The 'none' value on 'ideographic-line-break' takes the place of
'keep-all' in the draft.

The values 'none' and 'hyphenate' should be clear enough. 'Anywhere'
means break the word anywhere, without regard for hyphenation rules,
'long-words' means the same as 'none', except when a word is so long
that it is wider than the line; in that case it may be broken.


> - Second, layout-grid-char seems to duplicate letter-spacing. I
> understand why you wouldn't want to use line-height instead
> of layout-grid-line for spacing between lines, since line-height
> implies a vertical dimension. However, letter-spacing doesn't
> imply anything other than "between letters." It might be simpler
> (for authors at least) to just redefine letter-spacing's behavior to
> take the grid into account if layout-grid-mode is not set to "none."
> The layout-grid property would then be shorthand for
> layout-grid-mode, layout-grid-type, layout-grid-line, and
> letter-spacing.

Letter-spacing indeed plays a role which is not explained in the
draft. I am in fact wondering if it doesn't already do what
layout-grid does, at least in the horizontal direction (or rather: in
the direction of the letters).

The line spacing might be better handled by an extension to
'line-height', to allow designers to fix the line height and not allow
it to grow arbitrarily because of tall inline elements. Although you
are right that "height" seems to indicate something vertical...

I'm actually hoping that 'layout-grid-type' is not real.
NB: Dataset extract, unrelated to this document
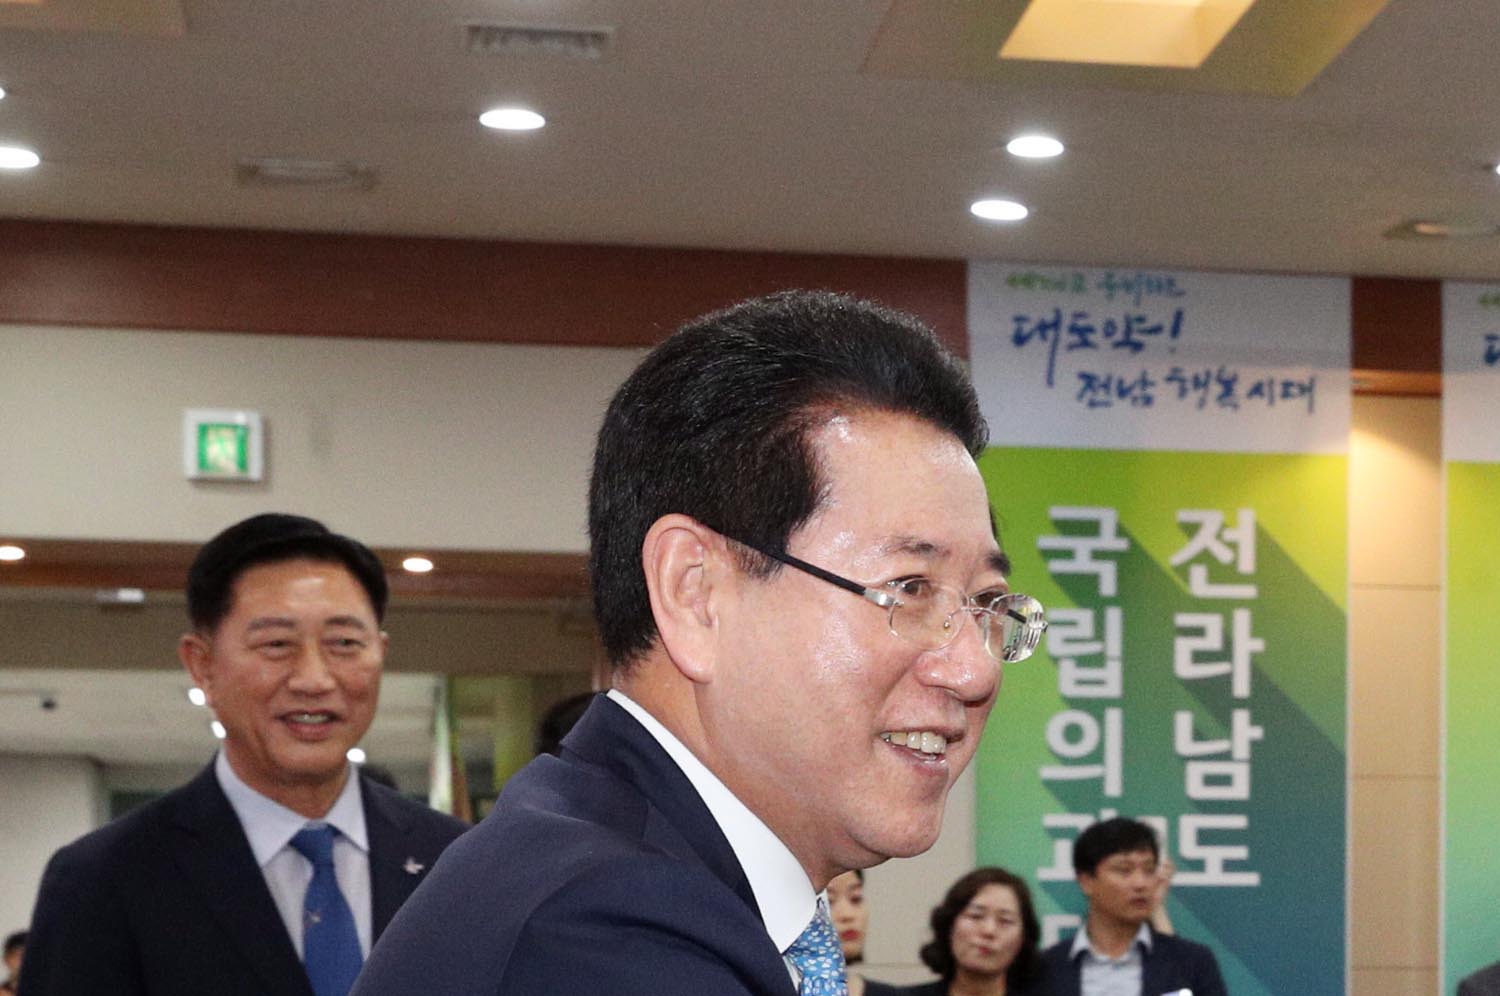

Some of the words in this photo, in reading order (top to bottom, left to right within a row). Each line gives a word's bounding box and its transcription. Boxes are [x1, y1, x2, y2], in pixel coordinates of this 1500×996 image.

[1011, 307, 1185, 388] 대도약!
[1076, 367, 1156, 409] 전남
[1168, 507, 1266, 887] 전라남도
Or at least
that we can do without.

Between them, 'letter-spacing' and 'line-height' (maybe with a small
addition) should then be able to completely replace the grid

> And now the technical stuff (Yeah, I know it's just a working
> draft, but I figure it's safer to be nitpicky now rather than
> letting some mistakes into a more official document):
> In the notes for section 3.6 (layout-grid shorthand property),
> the second example reads:
> DIV.section1 { layout-grid: strict line .5in 20% }
> However, this puts the layout-grid-type value and 
> layout-grid-mode value in reverse order to how the property
> is defined earlier.
> And finally, In the section on tate-chu-yoku text, it might
> make more sense to use a lang type selector rather than
> an inline style just to be consistent. That's the sort of thing
> language selectors are for, right?

The section on vertical text has disappeared from the draft for a
major overhaul.

But referring to the previous version: I'm not sure you can use a
language selector. What language would you put on the "1996"? I
probably would use CLASS="year" or something.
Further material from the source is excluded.